Question

I have a standalone application (a simple command-line jar) which can already read or produce messages from/to an ActiveMQ queues (no Transaction).

I'd like to add the functionality to be able to read messages from a remote ActiveMQ queue and put it in another remote ActiveMQ queue. The 2 ActiveMQs may be completely different and not the same and I would also like to make sure no messages are lost during transfer should there be any connection issues.

I have been doing quite a lot of reading on transactions and as far as I understand, because I am transfering between 2 completely different ActiveMQs, a simple Spring JmsTransactionManager will not suffice but rather some sort of Distributed Transaction Management is needed (Like XA Transactions).

I am completely lost on the sea of code examples found on the internet regarding several different libraries and such.

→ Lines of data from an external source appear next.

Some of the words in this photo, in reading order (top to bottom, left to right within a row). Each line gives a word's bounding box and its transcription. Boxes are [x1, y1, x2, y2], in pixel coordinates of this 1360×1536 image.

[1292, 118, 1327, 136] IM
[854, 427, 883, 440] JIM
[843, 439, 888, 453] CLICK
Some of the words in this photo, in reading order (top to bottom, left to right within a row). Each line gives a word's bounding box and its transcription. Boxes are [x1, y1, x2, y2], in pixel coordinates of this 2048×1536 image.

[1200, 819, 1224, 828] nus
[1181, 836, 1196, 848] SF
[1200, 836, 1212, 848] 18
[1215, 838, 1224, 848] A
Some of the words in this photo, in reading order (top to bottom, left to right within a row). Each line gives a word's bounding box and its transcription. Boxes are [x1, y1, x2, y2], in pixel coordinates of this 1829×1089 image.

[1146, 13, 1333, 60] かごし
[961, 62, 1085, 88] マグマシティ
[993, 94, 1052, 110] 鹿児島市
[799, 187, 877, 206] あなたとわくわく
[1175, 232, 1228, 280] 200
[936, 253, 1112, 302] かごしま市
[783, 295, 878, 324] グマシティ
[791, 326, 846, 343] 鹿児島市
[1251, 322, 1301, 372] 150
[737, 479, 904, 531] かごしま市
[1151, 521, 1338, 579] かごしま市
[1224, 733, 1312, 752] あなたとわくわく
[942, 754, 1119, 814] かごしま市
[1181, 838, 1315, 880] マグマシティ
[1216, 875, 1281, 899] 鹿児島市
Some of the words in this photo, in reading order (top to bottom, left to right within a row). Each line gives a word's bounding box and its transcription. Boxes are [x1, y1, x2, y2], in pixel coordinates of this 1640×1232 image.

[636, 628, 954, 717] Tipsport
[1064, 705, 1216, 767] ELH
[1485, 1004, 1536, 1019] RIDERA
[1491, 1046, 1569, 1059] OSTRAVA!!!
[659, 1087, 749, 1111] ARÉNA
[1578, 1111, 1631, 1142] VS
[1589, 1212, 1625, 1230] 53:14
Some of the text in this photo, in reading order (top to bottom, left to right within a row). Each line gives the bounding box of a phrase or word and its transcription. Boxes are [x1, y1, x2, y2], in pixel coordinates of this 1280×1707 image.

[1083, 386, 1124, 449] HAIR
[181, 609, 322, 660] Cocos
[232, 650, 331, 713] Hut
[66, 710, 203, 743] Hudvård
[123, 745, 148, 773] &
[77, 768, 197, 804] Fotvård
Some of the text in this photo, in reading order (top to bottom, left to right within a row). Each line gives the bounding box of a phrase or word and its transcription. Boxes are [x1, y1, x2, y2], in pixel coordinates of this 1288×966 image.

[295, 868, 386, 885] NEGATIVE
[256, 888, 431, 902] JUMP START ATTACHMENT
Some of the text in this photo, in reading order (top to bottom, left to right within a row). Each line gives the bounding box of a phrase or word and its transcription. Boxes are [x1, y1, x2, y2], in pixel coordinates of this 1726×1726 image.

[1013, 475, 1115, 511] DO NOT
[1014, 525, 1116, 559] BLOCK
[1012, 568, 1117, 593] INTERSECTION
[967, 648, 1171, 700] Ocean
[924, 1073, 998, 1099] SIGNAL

Can anybody point me the way to find the simplest solution to this problem? Should I use JTA on top of Spring somehow (Is it even feasible to use JTA on a non-j2ee application server environment)? I am already using spring's jmstemplate to send/receive messages so would be great if I could keep using spring (and preferably no xml context config as I do everything programatically today).

Was it helpful?

Solution

If you do not need the write to the 2nd remote ActiveMQ to be in the same transaction scope as the read, then you can do this without distributed transactions. You can hold open the read transaction until you successfully write to the 2nd remote ActiveMQ. Once that has succeeded, then you can commit the read transaction. This means however, that in the event of failure after the send, but before the read commit, you will end up re-sending the message. Thus, this assumes that duplicate sends are okay. If you cannot tolerate duplicate sends in the event of failure, you must have distributed transactions.